[Annotated photo localization data]
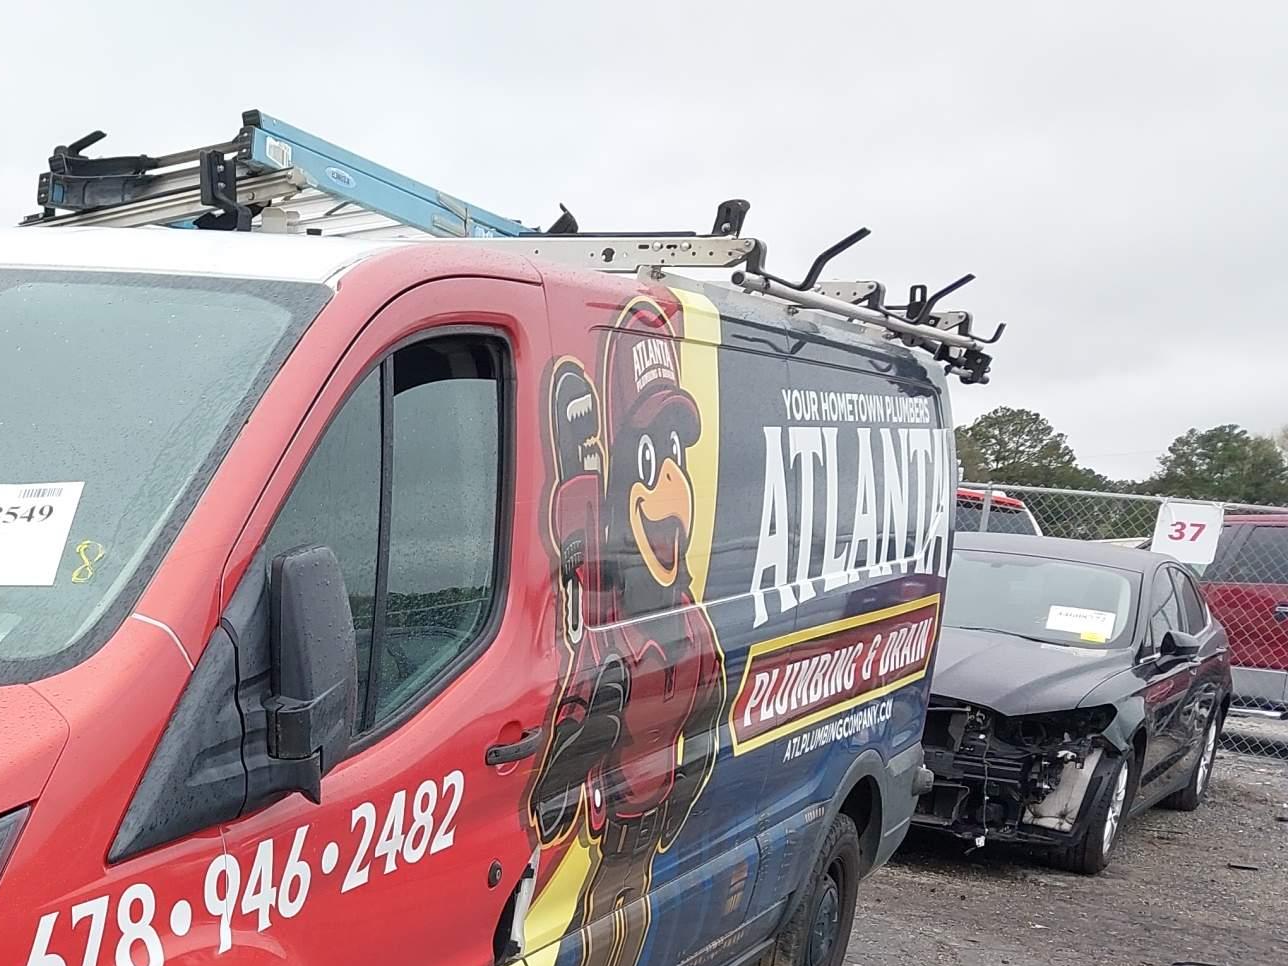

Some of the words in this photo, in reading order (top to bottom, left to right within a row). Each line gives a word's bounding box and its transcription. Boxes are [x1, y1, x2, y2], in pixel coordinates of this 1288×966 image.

[632, 339, 674, 382] ATLANTA
[782, 388, 821, 421] YOUR
[821, 392, 885, 423] HOMETOWN
[885, 397, 930, 424] PLUMBERS
[749, 425, 951, 629] ATLANTA
[1167, 521, 1207, 542] 37
[71, 539, 105, 584] 8
[743, 642, 864, 727] PLUMBING
[862, 633, 882, 681] &
[878, 616, 933, 676] DRAIN
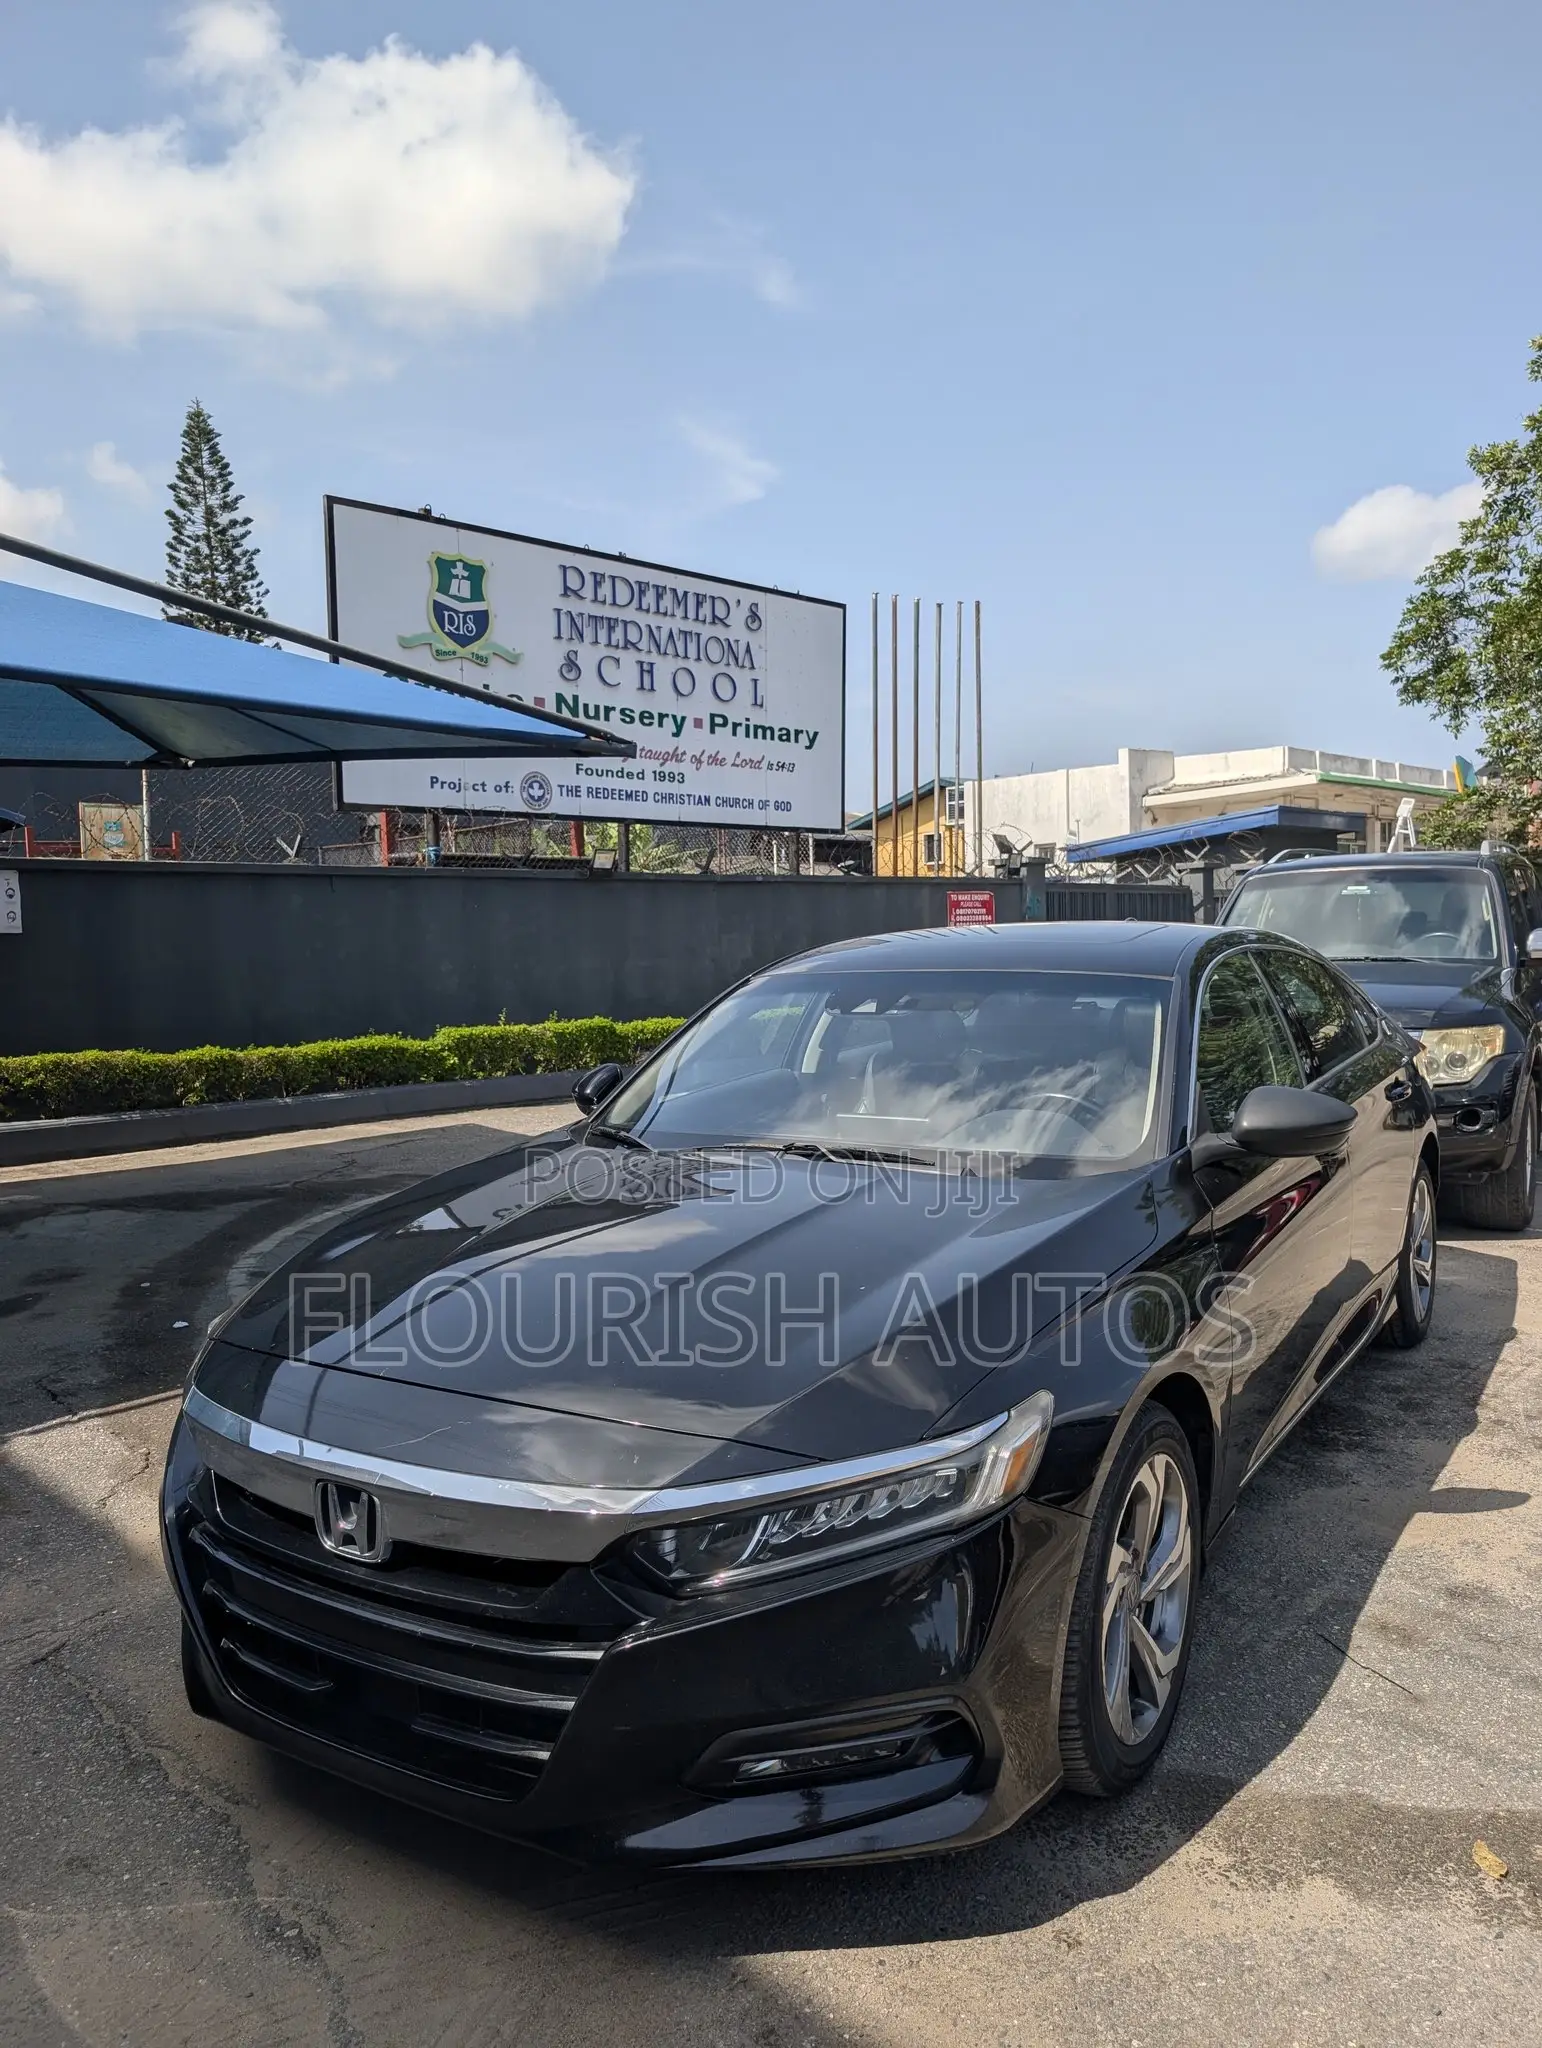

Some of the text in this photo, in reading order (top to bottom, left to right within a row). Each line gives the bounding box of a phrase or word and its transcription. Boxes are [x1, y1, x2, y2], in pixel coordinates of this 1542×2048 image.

[559, 564, 763, 632] REDEEMER'S
[443, 610, 476, 637] RIS
[553, 608, 756, 670] INTERNATIONA
[435, 649, 489, 664] Since 1993
[559, 650, 764, 709] SCHOOL
[555, 692, 820, 751] Nursery Primary
[638, 746, 687, 768] taught
[690, 749, 706, 771] of
[706, 750, 728, 767] the
[731, 751, 765, 771] Lord
[575, 763, 686, 784] Founded 1993
[557, 784, 582, 798] THE
[587, 786, 649, 803] REDEEMED
[653, 791, 711, 807] CHRISTIAN
[715, 795, 754, 811] CHURCH
[758, 799, 771, 811] OF
[773, 800, 792, 813] GOD
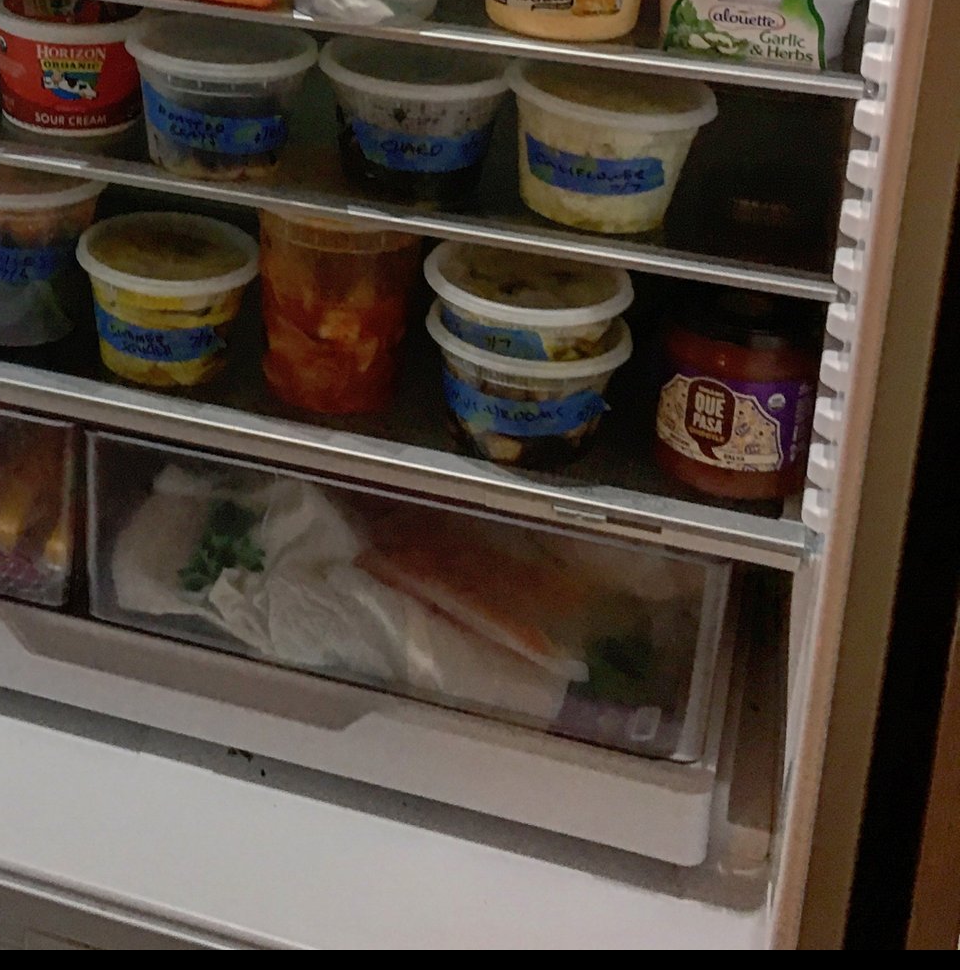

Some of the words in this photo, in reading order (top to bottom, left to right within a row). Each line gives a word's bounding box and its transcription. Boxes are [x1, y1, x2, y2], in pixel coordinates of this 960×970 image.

[713, 7, 777, 28] alouette
[759, 30, 807, 50] Garlic
[36, 43, 107, 60] HORIZON
[749, 44, 764, 58] &
[767, 46, 815, 63] Herbs
[43, 60, 99, 70] ORGANIC
[34, 111, 65, 126] SOUR
[68, 114, 107, 127] CREAM
[694, 390, 726, 419] QUE
[692, 411, 723, 435] PASA

- _Problem to solve_
Print all entries exactly, without images.

- _Exercise solution_
Some of the words in this photo, in reading order (top to bottom, left to right within a row). Each line gives a word's bounding box and its transcription. Boxes are [x1, y1, x2, y2], in pixel coordinates of this 1288×966 image.

[632, 339, 674, 382] ATLANTA
[782, 388, 821, 421] YOUR
[821, 392, 885, 423] HOMETOWN
[885, 397, 930, 424] PLUMBERS
[749, 425, 951, 629] ATLANTA
[1167, 521, 1207, 542] 37
[71, 539, 105, 584] 8
[743, 642, 864, 727] PLUMBING
[862, 633, 882, 681] &
[878, 616, 933, 676] DRAIN

Some of the text in this photo, in reading order (top to bottom, left to right within a row). Each line gives the bounding box of a phrase or word and its transcription. Boxes are [x1, y1, x2, y2], in pixel coordinates of this 1542×2048 image.

[559, 564, 763, 632] REDEEMER'S
[443, 610, 476, 637] RIS
[553, 608, 756, 670] INTERNATIONA
[435, 649, 489, 664] Since 1993
[559, 650, 764, 709] SCHOOL
[555, 692, 820, 751] Nursery Primary
[638, 746, 687, 768] taught
[690, 749, 706, 771] of
[706, 750, 728, 767] the
[731, 751, 765, 771] Lord
[575, 763, 686, 784] Founded 1993
[557, 784, 582, 798] THE
[587, 786, 649, 803] REDEEMED
[653, 791, 711, 807] CHRISTIAN
[715, 795, 754, 811] CHURCH
[758, 799, 771, 811] OF
[773, 800, 792, 813] GOD

Some of the words in this photo, in reading order (top to bottom, left to right within a row). Each line gives a word's bounding box and its transcription. Boxes are [x1, y1, x2, y2], in pixel coordinates of this 960×970 image.

[713, 7, 777, 28] alouette
[759, 30, 807, 50] Garlic
[36, 43, 107, 60] HORIZON
[749, 44, 764, 58] &
[767, 46, 815, 63] Herbs
[43, 60, 99, 70] ORGANIC
[34, 111, 65, 126] SOUR
[68, 114, 107, 127] CREAM
[694, 390, 726, 419] QUE
[692, 411, 723, 435] PASA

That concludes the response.